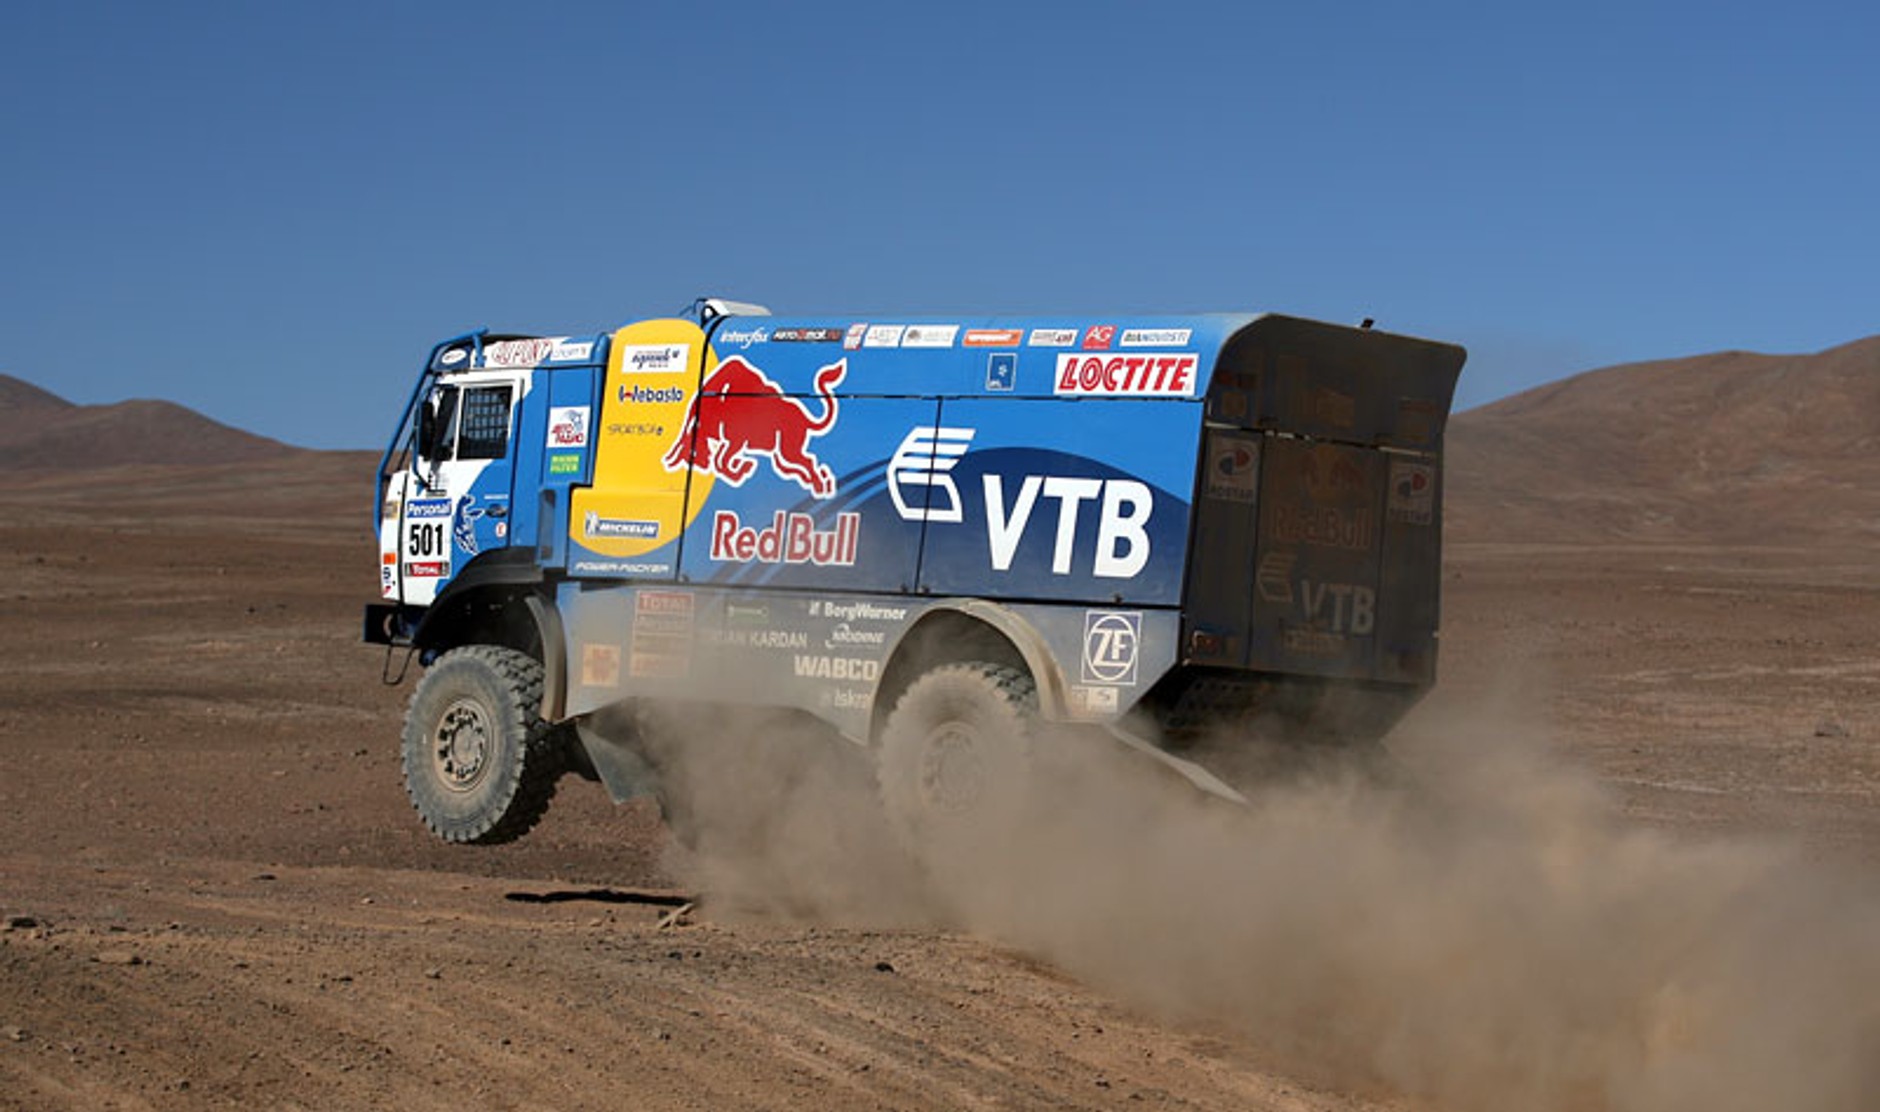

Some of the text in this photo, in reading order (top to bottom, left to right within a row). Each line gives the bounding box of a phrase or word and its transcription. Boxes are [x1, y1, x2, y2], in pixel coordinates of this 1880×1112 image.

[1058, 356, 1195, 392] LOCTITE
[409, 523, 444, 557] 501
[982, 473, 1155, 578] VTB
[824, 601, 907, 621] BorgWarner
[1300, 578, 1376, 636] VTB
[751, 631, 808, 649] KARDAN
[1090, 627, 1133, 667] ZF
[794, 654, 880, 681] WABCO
━━━━
WHAT YOU HAVE TO DO:
Each record should be given again exactly, with no picture carried over.

OUTPUT BELOW:
Some of the text in this photo, in reading order (top to bottom, left to right within a row). Each line gives the bounding box of a phrase or word and its transcription. Boxes are [x1, y1, x2, y2], in pixel coordinates of this 1880×1112 image.

[1058, 356, 1195, 392] LOCTITE
[409, 523, 444, 557] 501
[982, 473, 1155, 578] VTB
[824, 601, 907, 621] BorgWarner
[1300, 578, 1376, 636] VTB
[751, 631, 808, 649] KARDAN
[1090, 627, 1133, 667] ZF
[794, 654, 880, 681] WABCO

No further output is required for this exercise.